Our work contributes to efforts to prevent disease and negative health outcomes among patients who are at higher risk due to personal characteristics, which has generated global policy interest (Dzau et al. 2015). In contrast to other studies on this topic, the present study obtained and analyzed a large number of potentially confounding variables, such as comorbidity, alcohol use, smoking, and BMI. Despite these strengths, however, our study also has several limitations. Due to the retrospective nature of our study, causal relationships cannot be determined. The method of data collection was prone to transcription errors. Also, our analysis included 17 groups of patients with different tumor entities, with some groups being quite small, leading to heterogeneity in the data and limiting statistical power. As such, studies with larger sample sizes are warranted.

A further limitation of our study is how patient nationality was determined. We categorized patients based on information stored on their eHealth Cards and grouped all patients with foreign passports into a single category. Due to the retrospective nature of the study, we did not have information about whether patients were economic migrants, students, return migrants, refugees, retirement migrants, or medical tourists, the latter of which show large variations in tacit knowledge about medical treatment and healthcare systems (Ormond 2016). We also could not determine whether migrants were born and raised in Germany, as second- and third-generation foreigners often do not have German citizenship owing to various reasons (Fick 2016). In addition, we did not assess foreign patients’ language skills, length of stay in Germany, or legal status, which are associated with use of preventative care and healthcare services as well as overall health (Starker et al. 2021; Dias et al. 2008; Acevedo-Garcia et al. 2010; Lebrun 2012). Therefore, more detailed assessment of patients’ migration background would enable future research to consider the extensive diversity in socioeconomic, political, and legal statuses of people pursuing and receiving medical treatment abroad (Starker et al. 2021; Ormond 2014).

Finally, information on side effects was collected in a subjective manner by clinicians or generated by the researchers based on information contained in medical center records. This approach is prone to error and can underestimate the incidence and severity of symptomatic side effects, thus reducing sensitivity and specificity (Fromme et al. 2004).
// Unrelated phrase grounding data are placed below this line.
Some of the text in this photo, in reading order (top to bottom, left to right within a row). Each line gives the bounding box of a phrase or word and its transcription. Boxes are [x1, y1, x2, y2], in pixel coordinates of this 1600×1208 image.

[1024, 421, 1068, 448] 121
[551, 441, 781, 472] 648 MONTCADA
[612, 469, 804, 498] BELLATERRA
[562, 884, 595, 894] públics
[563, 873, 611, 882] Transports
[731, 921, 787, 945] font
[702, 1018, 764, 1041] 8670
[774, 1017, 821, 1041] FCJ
Therefore, employing a patient-centered survey of side effects, such as the Patient-Reported Outcomes Version of the CTCAE, may provide a more accurate picture of patients’ experiences of side effects as well as subjective burden and health-related quality of life (Fromme et al. 2004; Greimel et al. 2011) and thereby enable better prediction of unfavorable clinical events (Basch et al. 2009).

Conclusions

Acute side effects occur after nearly all types of non-surgical cancer interventions are dose-limiting, reduce patients’ quality of life, and contribute to the economic burden of disease and healthcare costs. Seeking to improve the prediction of acute side effects, we identified foreign patients as being more vulnerable to severe side effects of radiotherapy than German patients. This finding suggests that systematic, targeted preventive and supportive measures should be incentivized for foreign patients to enhance their therapeutic outcomes and improve their quality of life. These measures must not necessarily be innovative considering that the simple adaption and improvement of existing clinical processes and treatment approaches can have great value. In addition, existing healthcare information and patient education programs should be tailored for foreign patients considering differences in their needs and preferences.